--- Dataset entries Enclosed Below ---

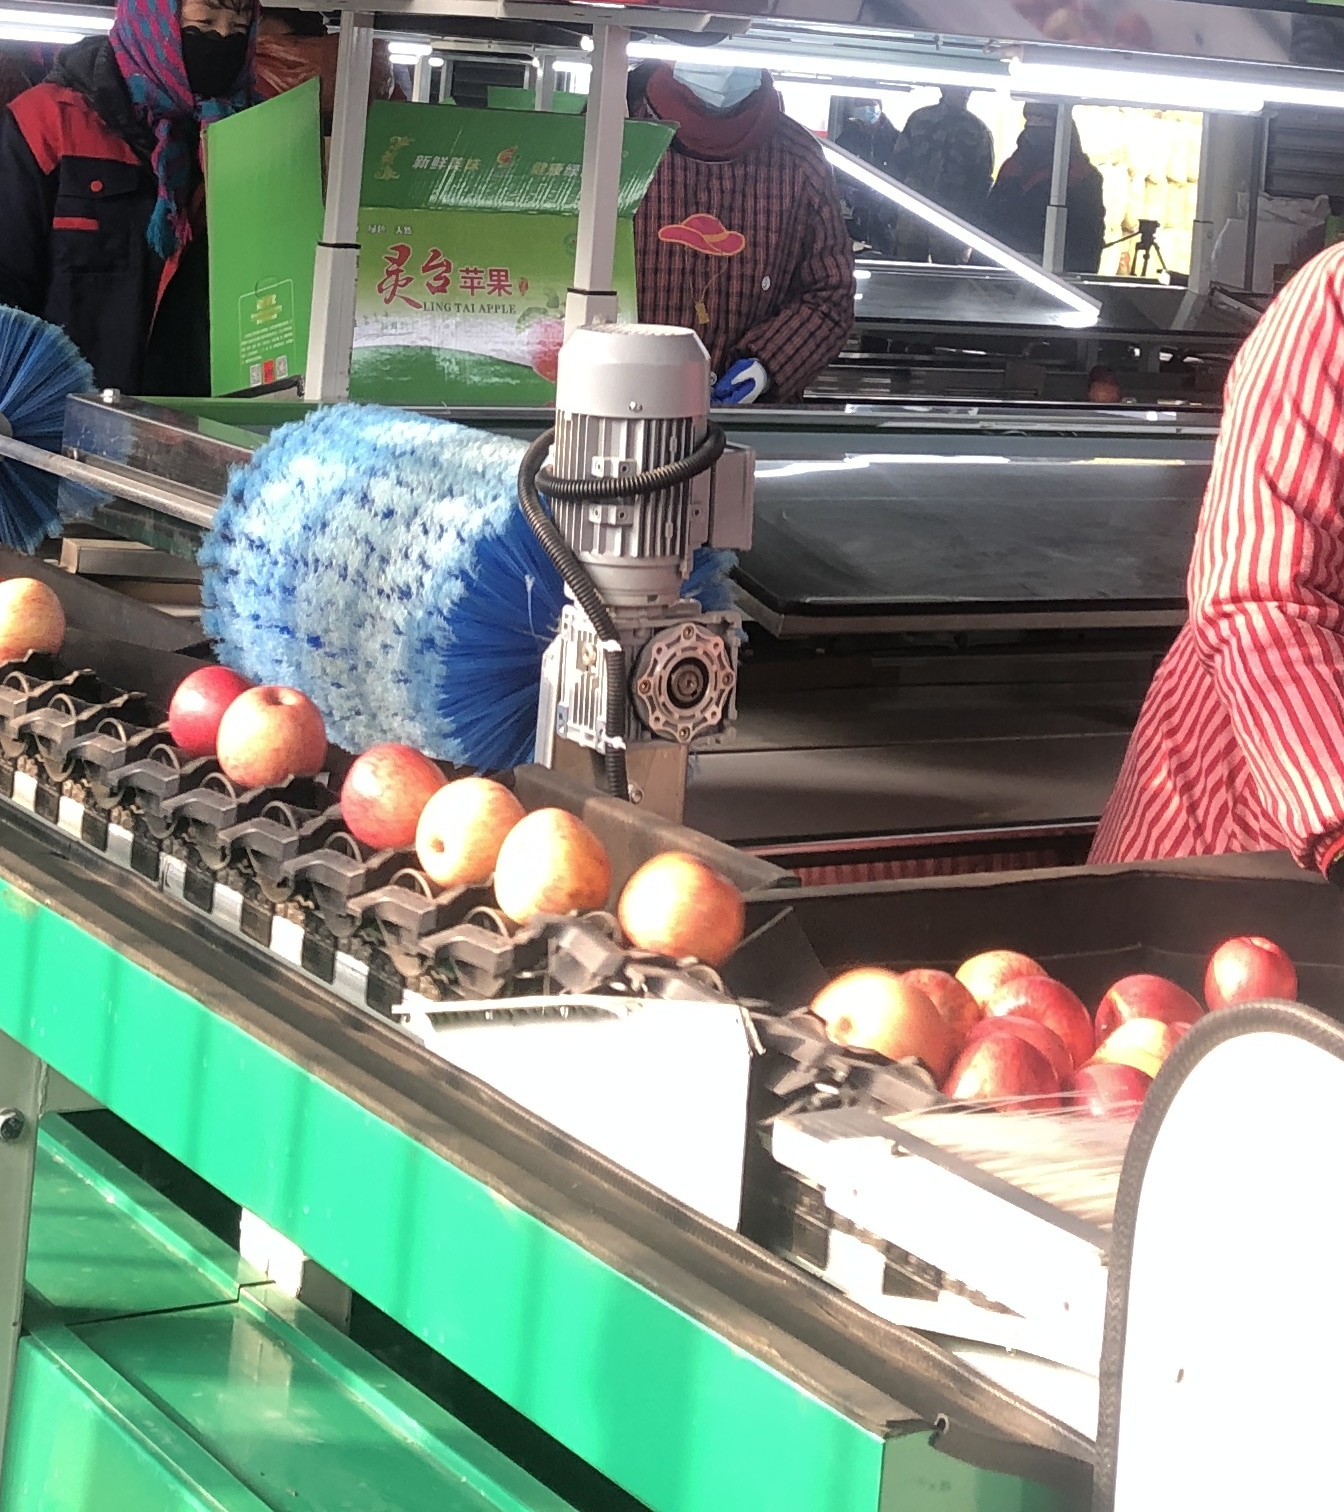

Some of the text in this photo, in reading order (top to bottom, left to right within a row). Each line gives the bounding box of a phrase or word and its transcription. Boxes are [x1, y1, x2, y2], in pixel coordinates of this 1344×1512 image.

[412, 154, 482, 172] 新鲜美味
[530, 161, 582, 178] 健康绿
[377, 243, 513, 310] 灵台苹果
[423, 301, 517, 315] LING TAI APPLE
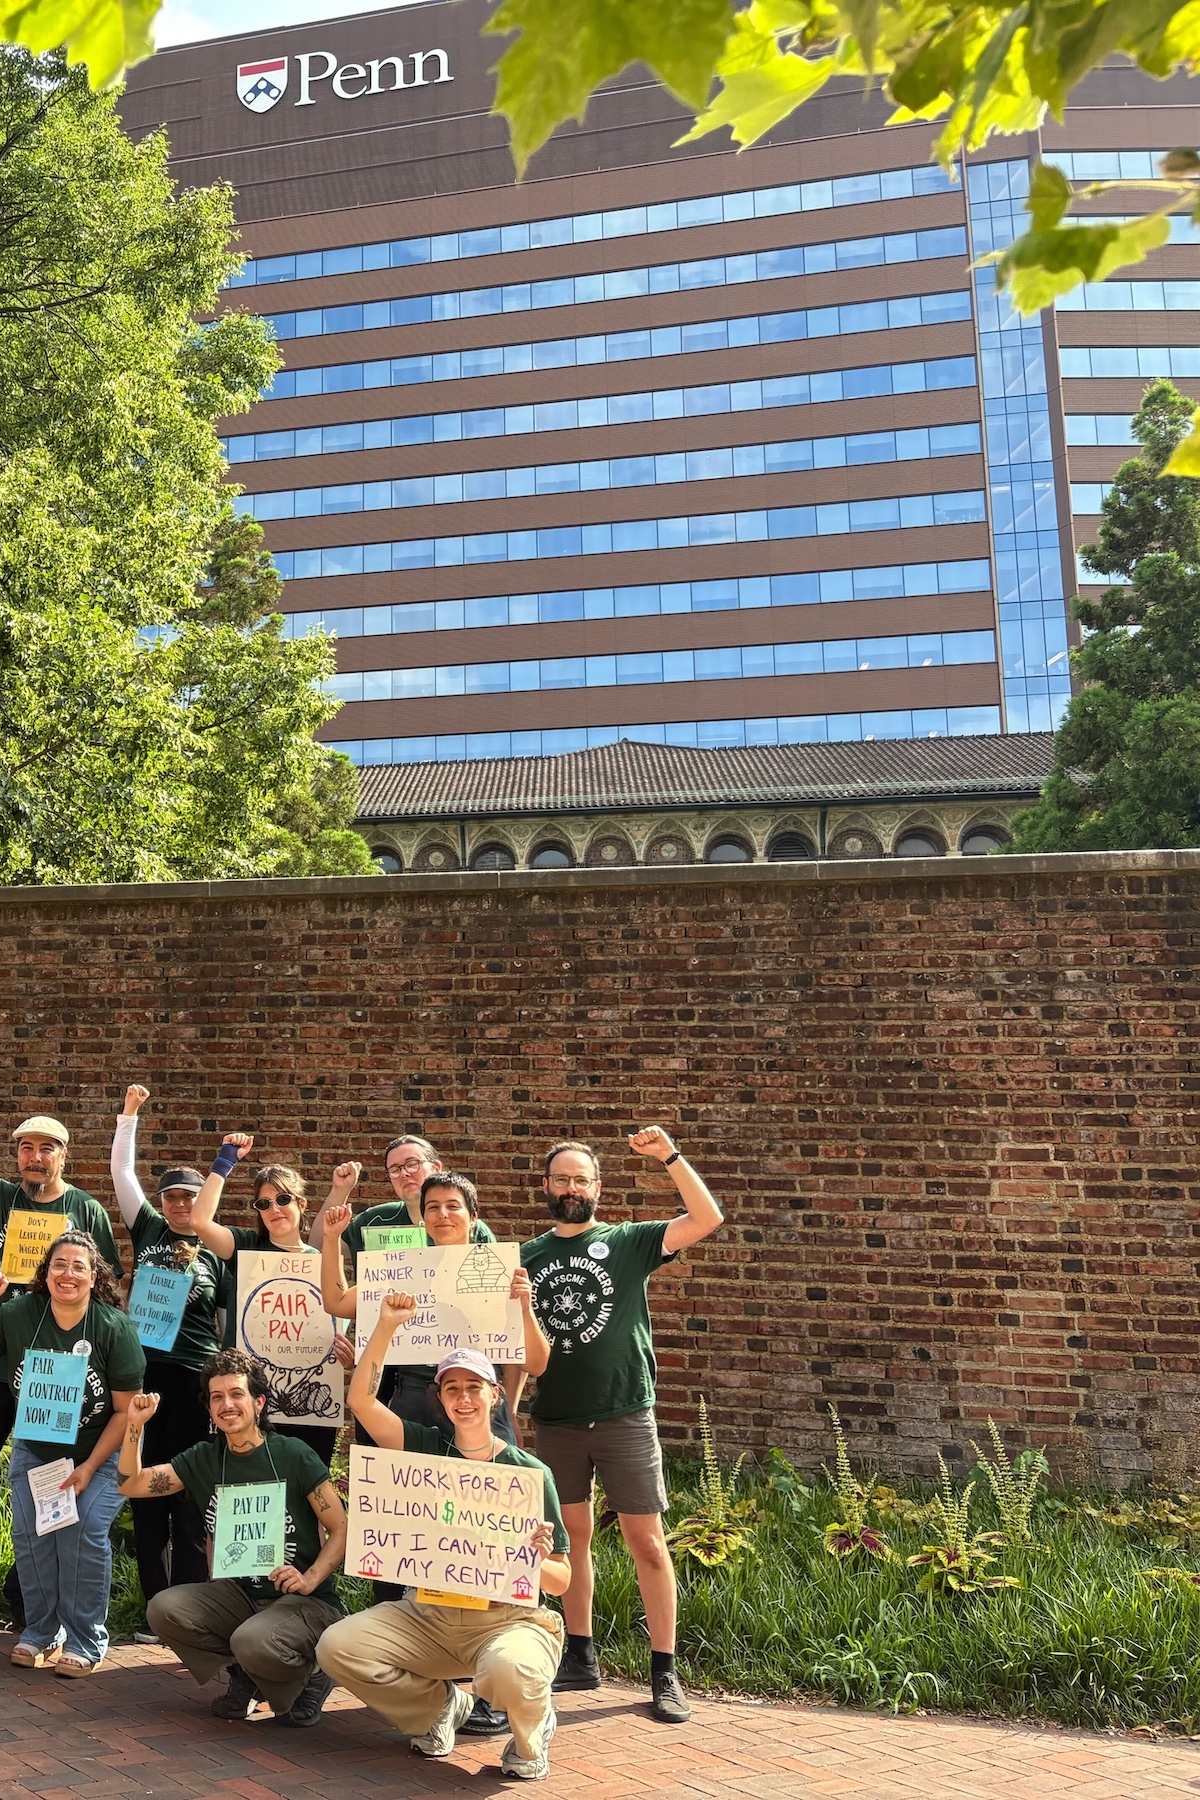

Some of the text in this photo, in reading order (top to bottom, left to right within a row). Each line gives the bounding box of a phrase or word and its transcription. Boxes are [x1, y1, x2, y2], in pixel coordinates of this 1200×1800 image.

--- End of Enclosed Dataset entries ---

§ **About this exercise**: Restate the data above word for word. Skip every picture.

§ **Exercise output**:
Some of the text in this photo, in reading order (top to bottom, left to right within a row). Each line gives the bounding box of a phrase or word and its transcription. Boxes are [x1, y1, x2, y2], in pixel coordinates of this 1344×1512 image.

[412, 154, 482, 172] 新鲜美味
[530, 161, 582, 178] 健康绿
[377, 243, 513, 310] 灵台苹果
[423, 301, 517, 315] LING TAI APPLE

Some of the text in this photo, in reading order (top to bottom, left to right within a row). Each line gives the bounding box of a phrase or word and its transcription. Boxes are [x1, y1, x2, y2], in pixel coordinates of this 1200×1800 image.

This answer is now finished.